U.S. regulators are over a year late in their duty to adopt protections for the Gulf of Mexico whale, a species believed to be down to its last 33 members, two advocacy groups claim in a federal complaint.

WASHINGTON (CN) — U.S. regulators are over a year late in their duty to adopt protections for the Gulf of Mexico whale, a species believed to be down to its last 33 members, two advocacy groups claim in a federal complaint.

Joined by the nonprofit Healthy Gulf, the National Resources Defense Council says in the lawsuit that the National Marine Fisheries Service faced a December 2017 deadline to take action because of a previous legal battle.

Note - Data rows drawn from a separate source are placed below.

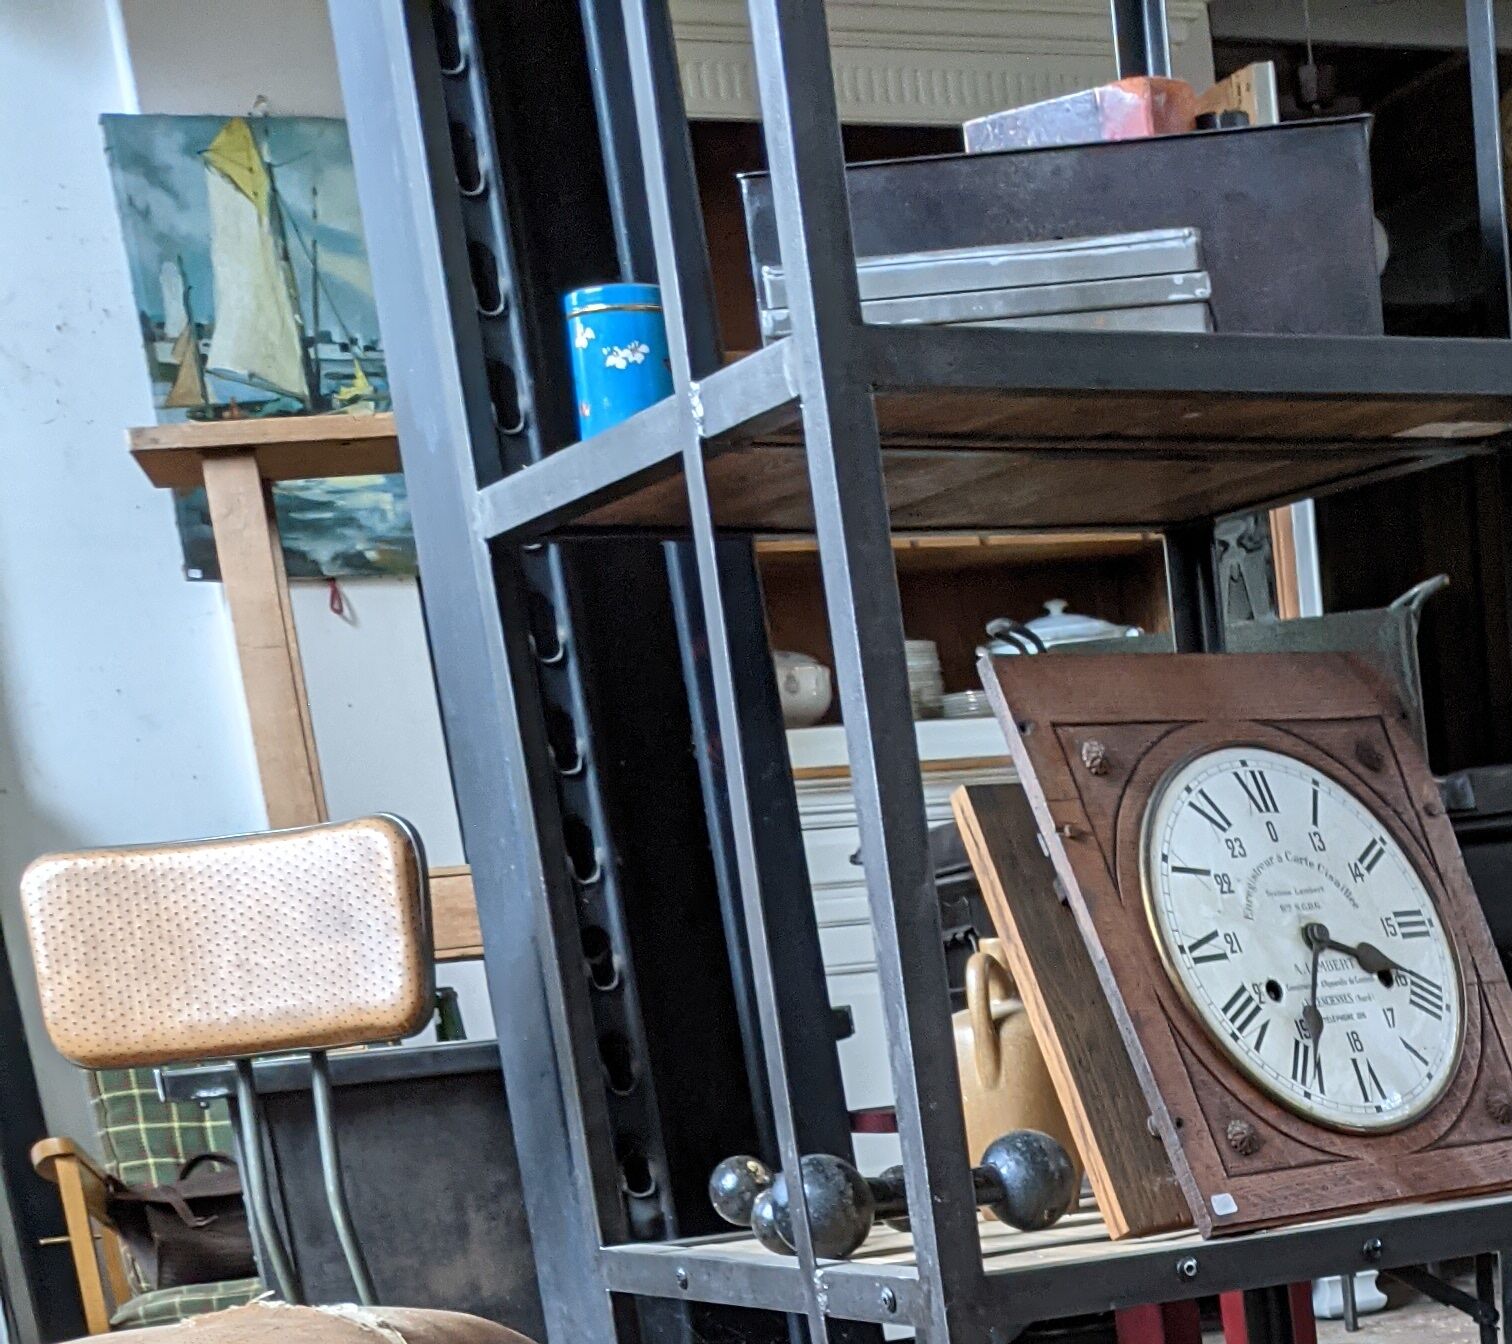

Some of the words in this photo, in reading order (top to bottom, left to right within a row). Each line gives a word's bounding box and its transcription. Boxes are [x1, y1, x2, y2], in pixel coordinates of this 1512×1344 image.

[1225, 837, 1247, 858] 23
[1308, 831, 1326, 852] 13
[1348, 862, 1364, 883] 14
[1214, 873, 1235, 895] 22
[1381, 917, 1397, 938] 15
[1224, 931, 1243, 954] 21
[1383, 1008, 1395, 1028] 17
[1346, 1031, 1364, 1053] 18

Following a settlement with the NRDC in 2016, the Fisheries Service agreed to publish a 12-month finding on the petition to have the species also known as Bryde’s whales listed as endangered.

The NRDC says the government’s findings that year were conclusive: with a population of fewer than 50 concentrated in industrialized waters off the Florida panhandle, the Gulf of Mexico whale was on the brink of extinction.

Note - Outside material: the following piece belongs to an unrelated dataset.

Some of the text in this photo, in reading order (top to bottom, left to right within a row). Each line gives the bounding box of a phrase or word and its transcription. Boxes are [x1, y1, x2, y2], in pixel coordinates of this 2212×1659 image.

Within 12 months of that determination, according to the complaint, the Fisheries Service had to either list the whale as endangered, obtain a six-month extension on the period of review, or withdraw its listing proposal.

The NRDC returned to court Thursday because the service has failed to take any action over a year later.

“The Gulf of Mexico whale is unique to this region of the world, being the gulf’s only year-round resident baleen whale,” Zak Smith, senior attorney with the NRDC said Thursday in an email. “Unlike other baleen whales that migrate great distances throughout the year, the Gulf of Mexico whale never leaves this area. If the Gulf of Mexico whale goes extinct, the gulf will needlessly lose some of its unique biodiversity heritage.”

Representatives for the Department of Commerce, the umbrella agency for the Fisheries Service, declined to comment. 

Thursday’s complaint quotes some of the 29 threats to the whale’s survival, as determined by the government in its December 2016 finding.

“These threats include energy exploration and development, oil spills, oil spill response, ship strikes, entanglement in commercial fishing gear, anthropogenic noise associated with seismic surveys, and military training and testing activities,” the complaint states.

Because oil spills occur frequently in the gulf and are difficult to clean up, this threat was listed as a “high” risk to the whale.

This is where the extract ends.